- DATA FOR REVIEW
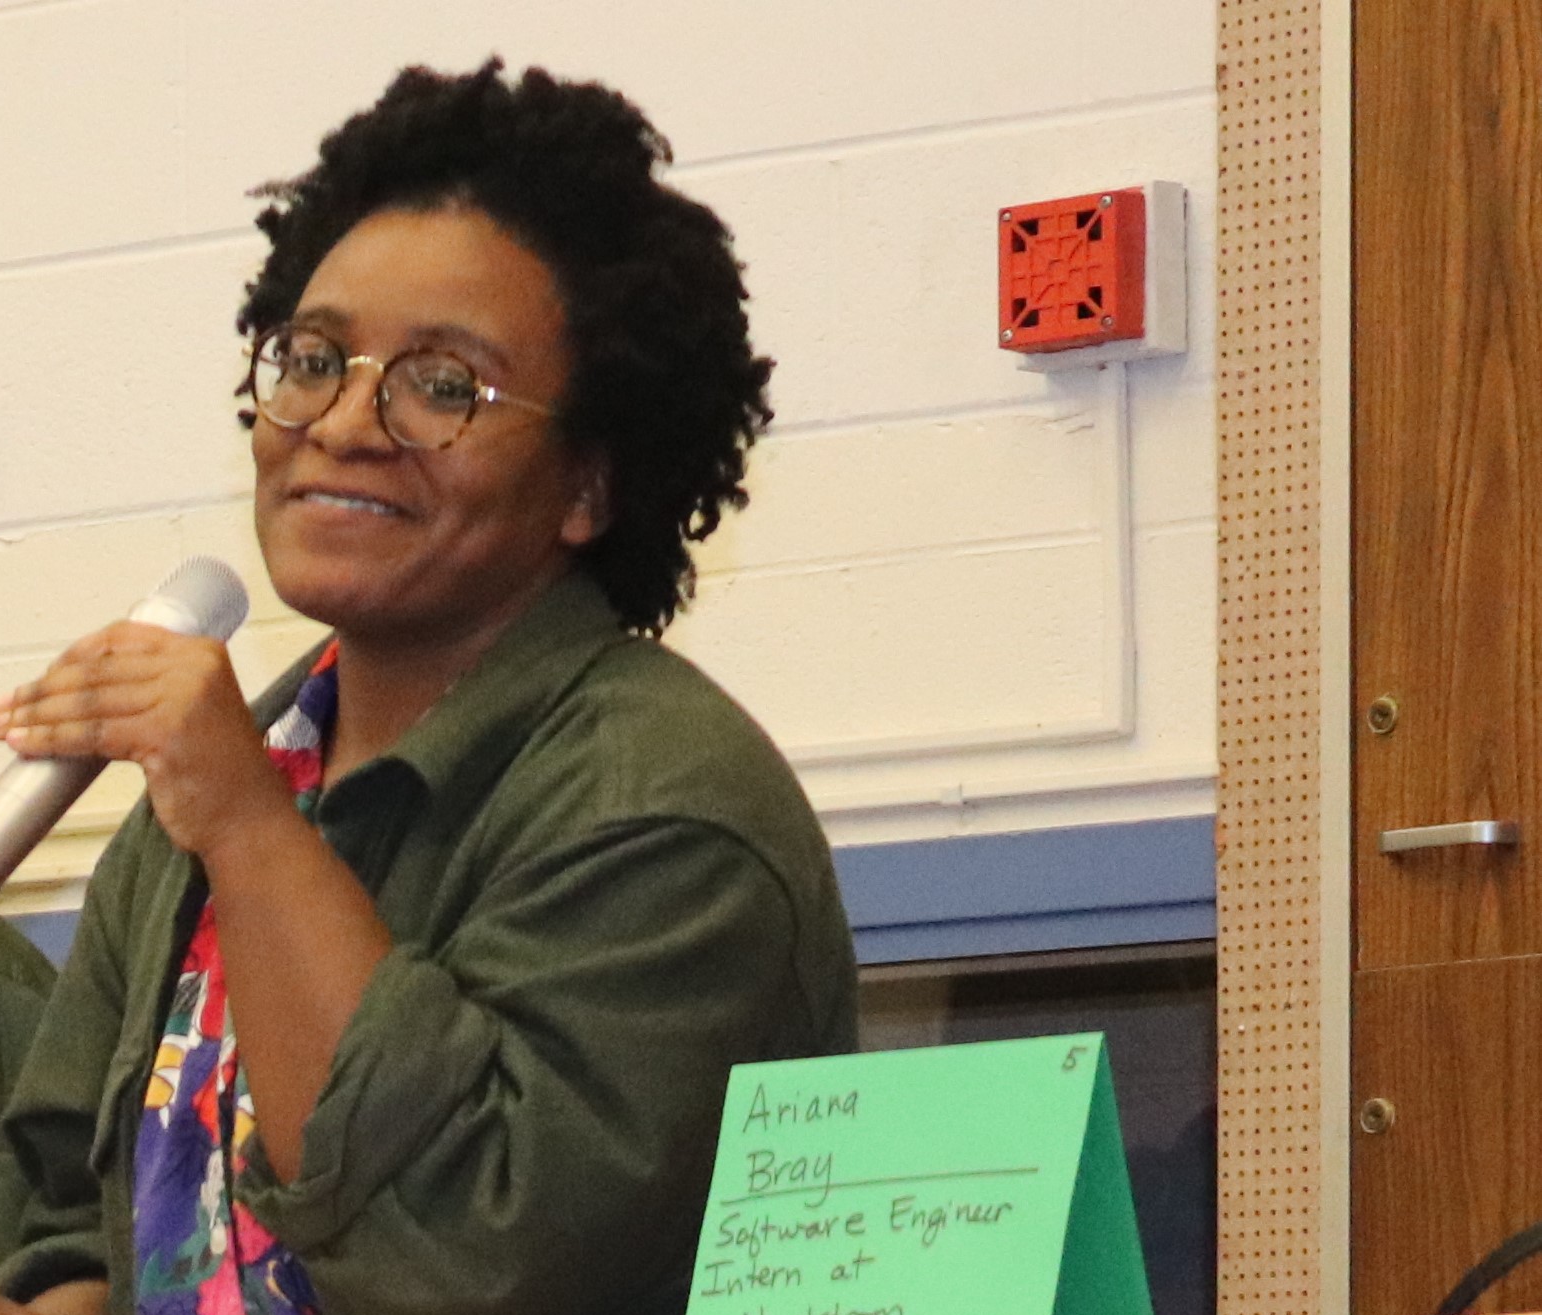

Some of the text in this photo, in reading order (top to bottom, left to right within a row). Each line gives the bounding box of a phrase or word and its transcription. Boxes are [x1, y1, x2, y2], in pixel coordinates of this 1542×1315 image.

[1061, 1046, 1088, 1073] 5
[742, 1083, 860, 1133] Ariana
[746, 1151, 833, 1208] Bray
[715, 1197, 1014, 1259] Software Engineer
[701, 1250, 877, 1297] Intern at
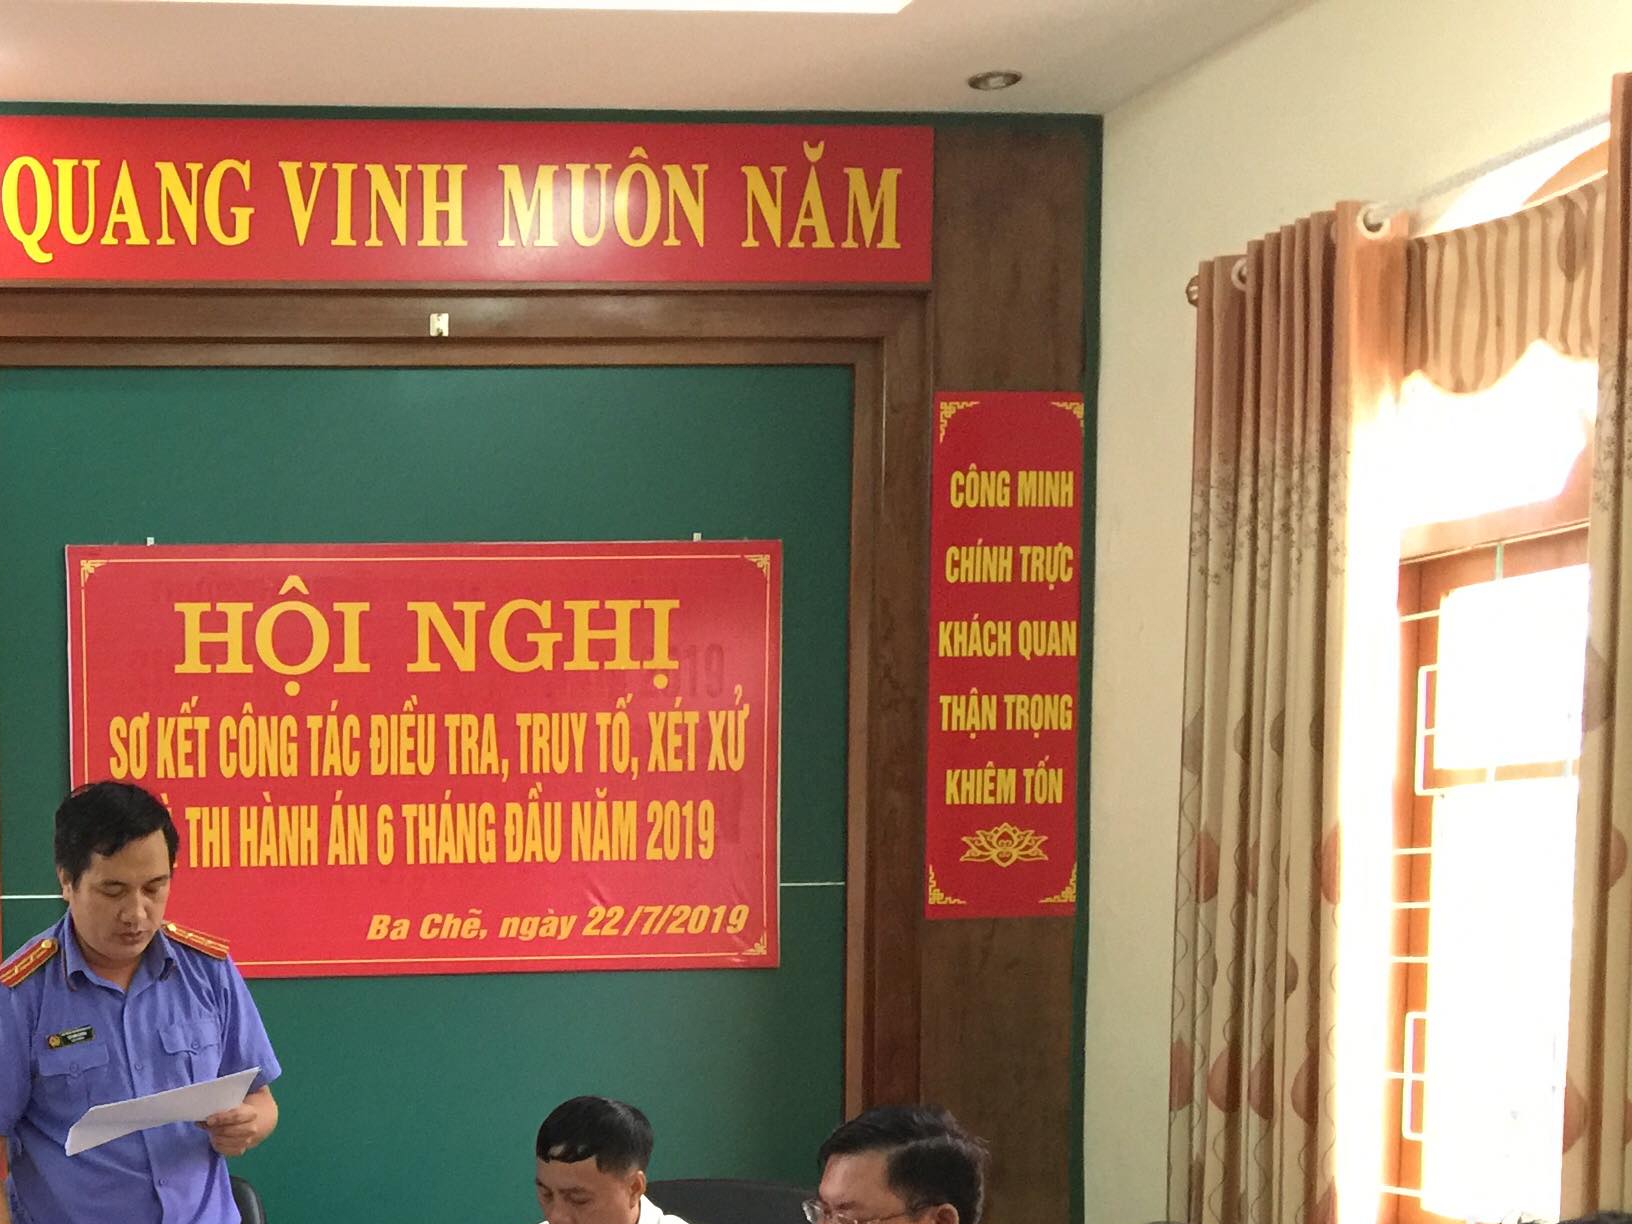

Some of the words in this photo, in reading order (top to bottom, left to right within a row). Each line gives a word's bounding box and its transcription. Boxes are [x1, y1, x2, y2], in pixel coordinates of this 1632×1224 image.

[1, 156, 254, 263] QUANG
[278, 161, 468, 249] VINH
[497, 147, 708, 249] MUÔN
[741, 142, 902, 248] NĂM
[951, 463, 1011, 509] CÔNG
[1018, 471, 1073, 507] MINH
[945, 539, 1012, 583] CHÍNH
[1020, 542, 1073, 590] TRỰC
[175, 576, 370, 696] HỘI
[407, 599, 679, 688] NGHỊ
[939, 614, 1011, 656] KHÁCH
[1019, 621, 1076, 660] QUAN
[110, 712, 149, 779] SƠ
[157, 696, 210, 778] KẾT
[219, 703, 297, 778] CÔNG
[307, 701, 360, 776] TÁC
[369, 695, 435, 775] ĐIỀU
[445, 713, 508, 782] TRA,
[516, 712, 587, 774] TRUY
[596, 694, 639, 780] TỐ,
[648, 698, 699, 771] XÉT
[708, 684, 751, 772] XỬ
[940, 688, 996, 738] THẬN
[1004, 694, 1073, 738] TRỌNG
[946, 761, 1017, 805] KHIÊM
[1023, 755, 1062, 804] TỐN
[185, 807, 230, 867] THI
[240, 793, 318, 867] HÀNH
[328, 790, 367, 865] ÁN
[377, 805, 394, 865] 6
[402, 790, 496, 864] THÁNG
[504, 783, 562, 863] ĐẦU
[572, 790, 637, 861] NĂM
[646, 800, 714, 860] 2019
[367, 914, 411, 941] Ba
[419, 908, 486, 941] Chẽ,
[500, 907, 577, 942] ngày
[583, 904, 750, 937] 22/7/2019

- TASK TO COMPLETE
Copy the line containing "Some of the words" exactly. Then copy every line after it through the end of the listing, and nothing more.

- TASK OUTPUT
Some of the words in this photo, in reading order (top to bottom, left to right within a row). Each line gives a word's bounding box and its transcription. Boxes are [x1, y1, x2, y2], in pixel coordinates of this 1632×1224 image.

[1, 156, 254, 263] QUANG
[278, 161, 468, 249] VINH
[497, 147, 708, 249] MUÔN
[741, 142, 902, 248] NĂM
[951, 463, 1011, 509] CÔNG
[1018, 471, 1073, 507] MINH
[945, 539, 1012, 583] CHÍNH
[1020, 542, 1073, 590] TRỰC
[175, 576, 370, 696] HỘI
[407, 599, 679, 688] NGHỊ
[939, 614, 1011, 656] KHÁCH
[1019, 621, 1076, 660] QUAN
[110, 712, 149, 779] SƠ
[157, 696, 210, 778] KẾT
[219, 703, 297, 778] CÔNG
[307, 701, 360, 776] TÁC
[369, 695, 435, 775] ĐIỀU
[445, 713, 508, 782] TRA,
[516, 712, 587, 774] TRUY
[596, 694, 639, 780] TỐ,
[648, 698, 699, 771] XÉT
[708, 684, 751, 772] XỬ
[940, 688, 996, 738] THẬN
[1004, 694, 1073, 738] TRỌNG
[946, 761, 1017, 805] KHIÊM
[1023, 755, 1062, 804] TỐN
[185, 807, 230, 867] THI
[240, 793, 318, 867] HÀNH
[328, 790, 367, 865] ÁN
[377, 805, 394, 865] 6
[402, 790, 496, 864] THÁNG
[504, 783, 562, 863] ĐẦU
[572, 790, 637, 861] NĂM
[646, 800, 714, 860] 2019
[367, 914, 411, 941] Ba
[419, 908, 486, 941] Chẽ,
[500, 907, 577, 942] ngày
[583, 904, 750, 937] 22/7/2019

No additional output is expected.